Pendant vingt ans, l’armée la plus puissante du monde a ouvert ses portes à des suprémacistes blancs, des membres de gangs violents et des criminels endurcis. Ce n’est pas une théorie du complot : des rapports officiels du Pentagone, des enquêtes journalistiques et des condamnations judiciaires le documentent. Aujourd’hui, avec Pete Hegseth à la tête du Pentagone, les derniers garde-fous tombent. Plongée dans un scandale systémique qui transforme des bases militaires en pépinières d’extrémistes.

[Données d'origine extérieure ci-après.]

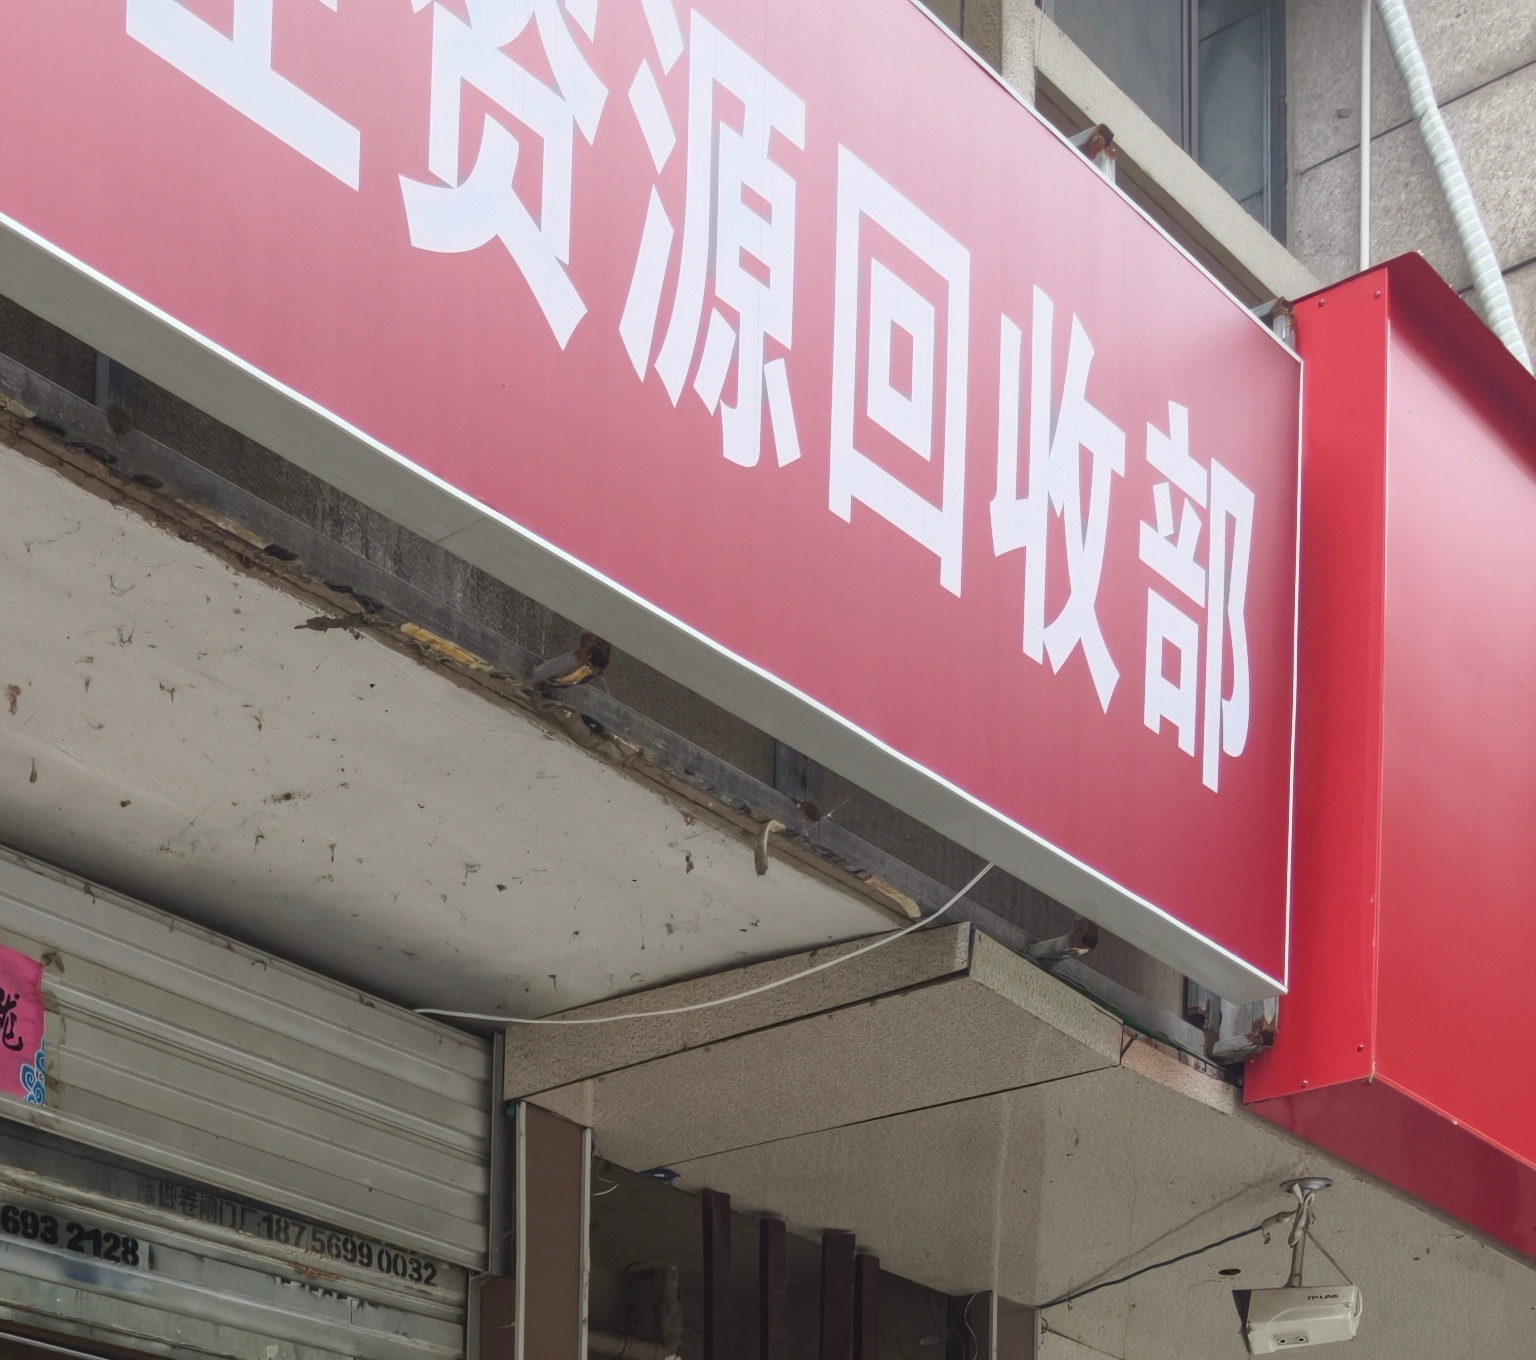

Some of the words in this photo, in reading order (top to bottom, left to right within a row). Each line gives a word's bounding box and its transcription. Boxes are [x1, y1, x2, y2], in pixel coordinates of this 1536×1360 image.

[66, 1222, 140, 1268] 2128
[309, 1231, 374, 1269] 5699
[377, 1250, 439, 1288] 0032
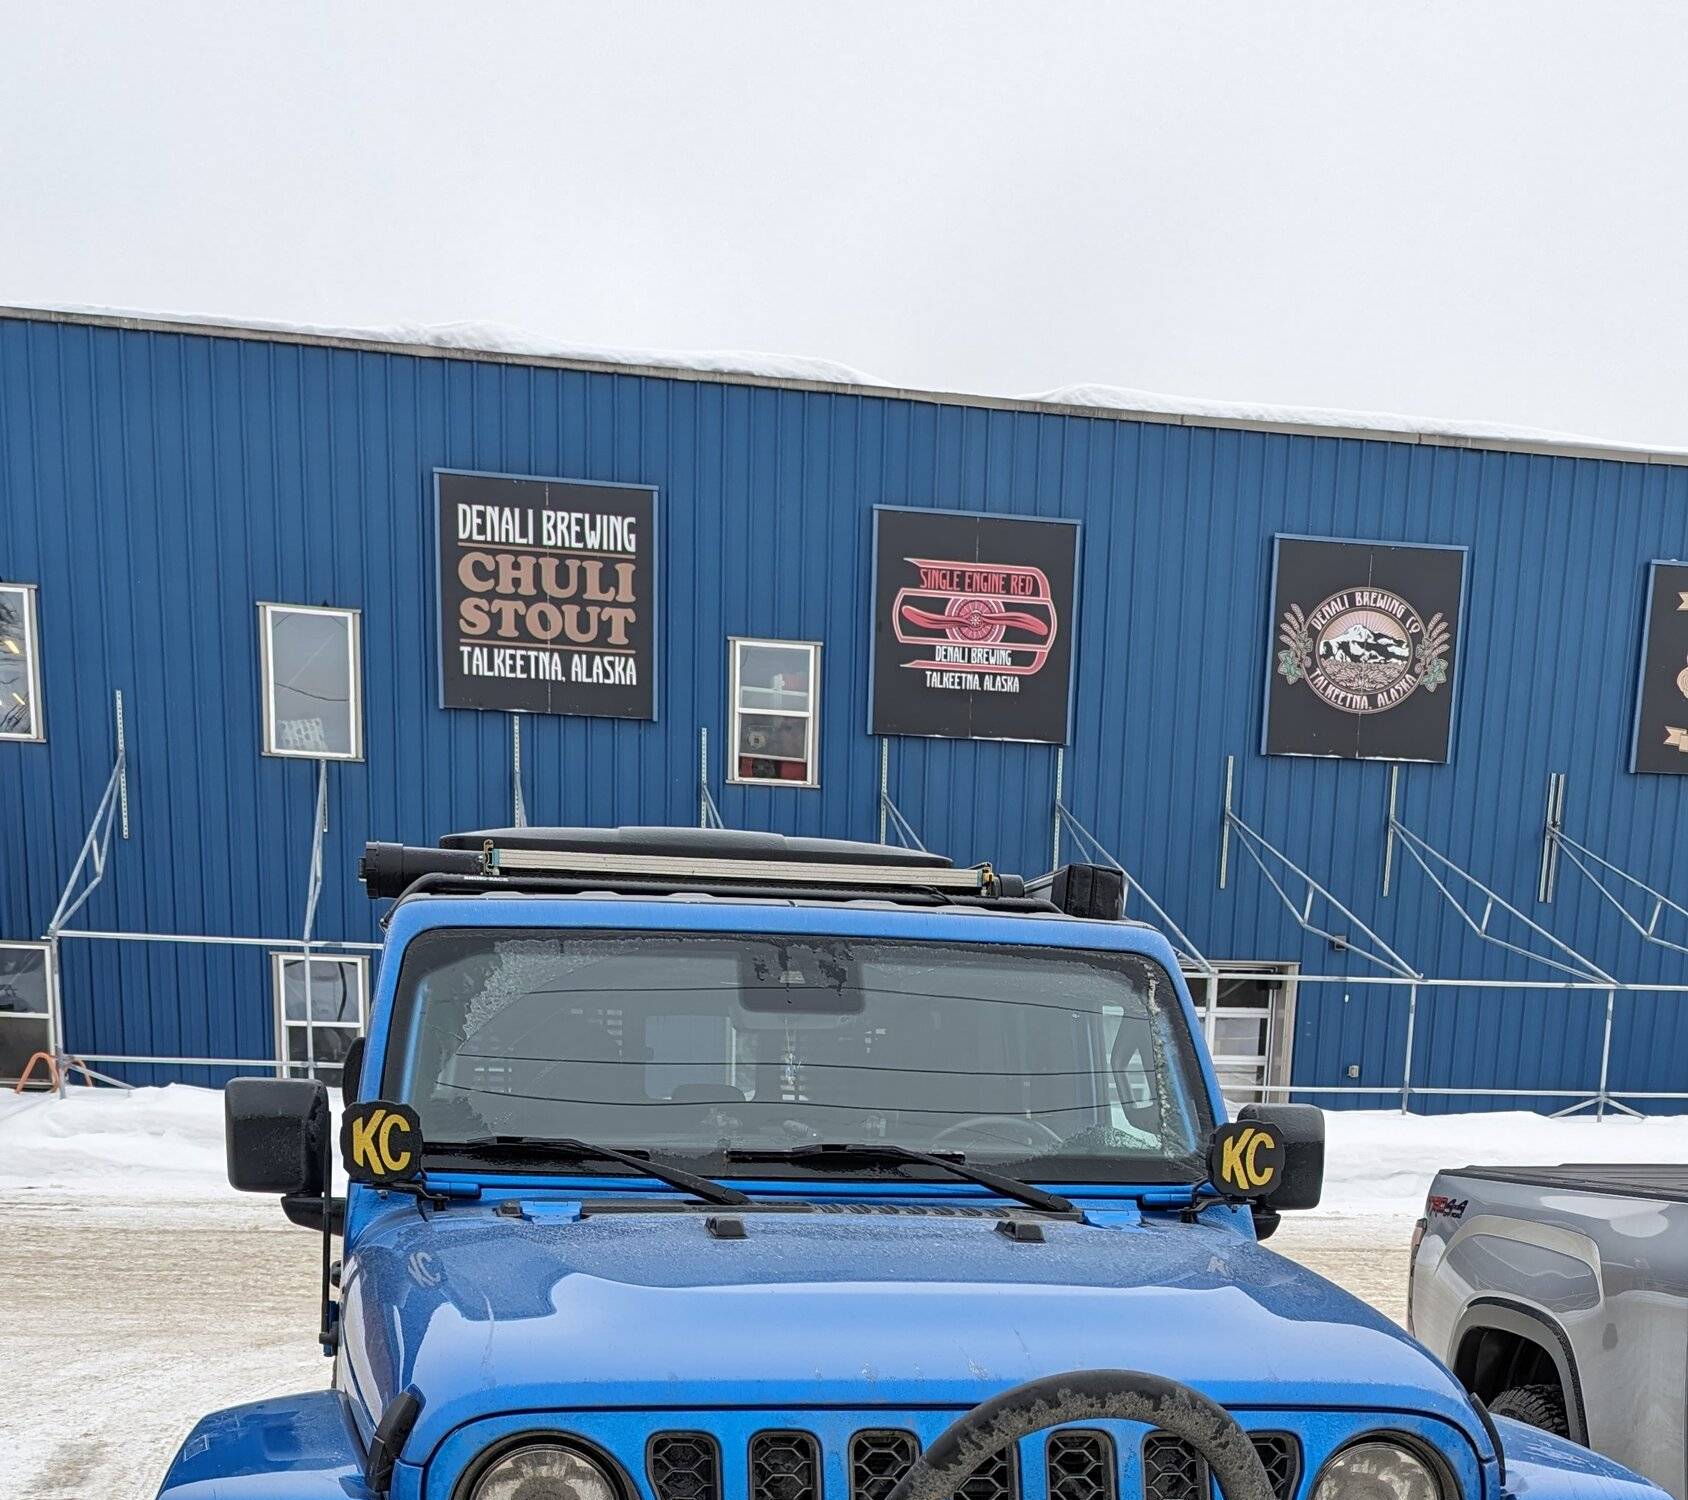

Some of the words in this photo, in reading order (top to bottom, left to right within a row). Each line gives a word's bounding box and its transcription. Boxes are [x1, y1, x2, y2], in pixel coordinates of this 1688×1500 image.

[457, 503, 534, 545] DENALI
[542, 509, 636, 552] BREWING
[457, 552, 636, 603] CHULI
[919, 569, 961, 590] SINGLE
[964, 571, 1006, 594] ENGINE
[1010, 575, 1034, 596] RED
[459, 597, 636, 645] STOUT
[1311, 594, 1349, 631] DENALI
[1355, 592, 1407, 618] BREWING
[459, 646, 566, 682] TALKEETNA,
[571, 654, 637, 686] ALASKA
[935, 645, 968, 663] DENALI
[971, 648, 1012, 666] BREWING
[983, 675, 1020, 693] ALASKA
[1308, 668, 1373, 710] TALKEETNA,
[1376, 673, 1417, 708] ALASKA
[352, 1109, 411, 1175] KC
[1222, 1128, 1275, 1190] KC

L’ère Hegseth : quand le Pentagone enterre la lutte contre l’extrémisme
Le 11 juin 2026, le journaliste Matt Kennard publie une mise à jour choc de son enquête « Irregular Army » sur le site Novara Media. Son constat est sans appel : la nomination de Pete Hegseth comme secrétaire à la Défense sous Donald Trump a marqué un tournant décisif. Non seulement les programmes de contre-extrémisme sont stoppés, mais l’homme qui dirige le Pentagone arbore lui-même des symboles d’extrême droite.

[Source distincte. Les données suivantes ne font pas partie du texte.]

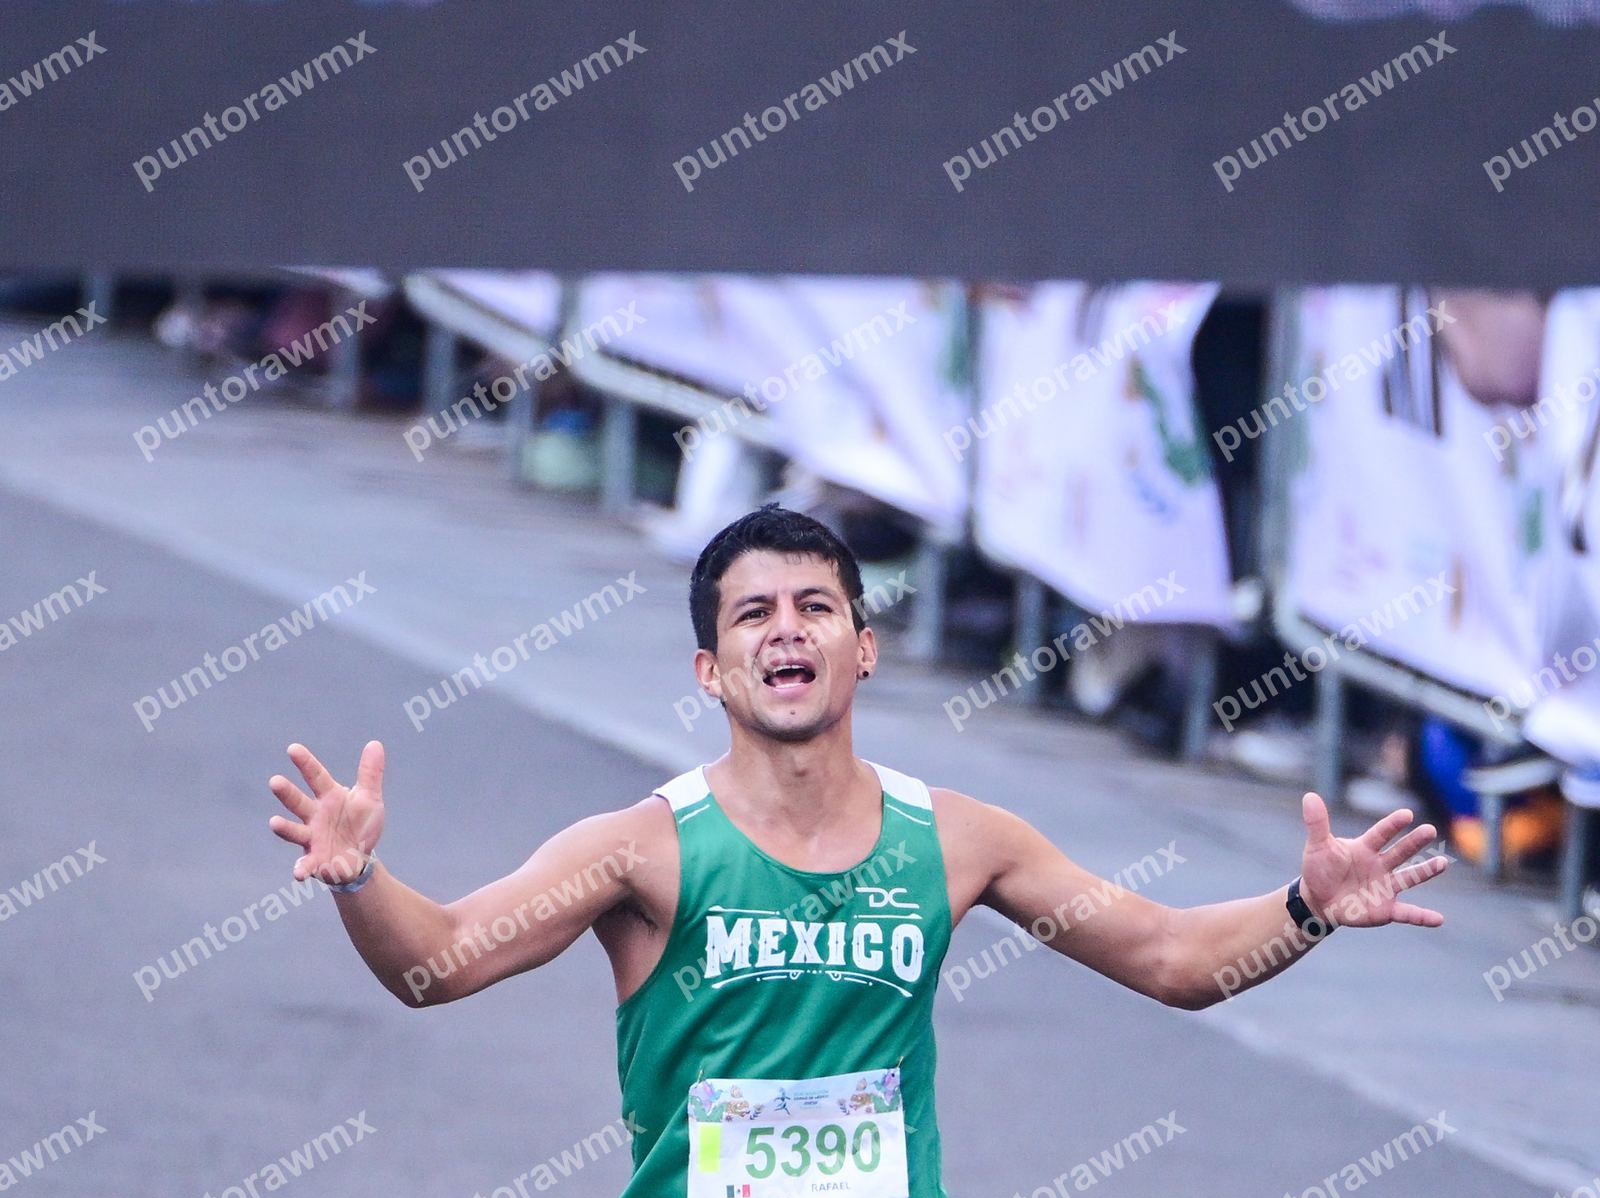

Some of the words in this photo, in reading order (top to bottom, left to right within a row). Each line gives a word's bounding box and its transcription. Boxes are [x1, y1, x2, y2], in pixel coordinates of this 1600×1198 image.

Un soldat a rapporté à ses supérieurs que Hegseth porte une croix de Jérusalem, les mots « Deus Vult » et le terme « kafir » tatoués sur le corps. Ces symboles sont directement empruntés à l’iconographie des croisades et des milices suprémacistes. « Deus Vult » — « Dieu le veut » en latin — était le cri de ralliement des croisés et reste un slogan majeur de l’alt-right américaine. Le terme « kafir », qui désigne les non-croyants dans l’islam, est utilisé par les groupes islamophobes radicaux.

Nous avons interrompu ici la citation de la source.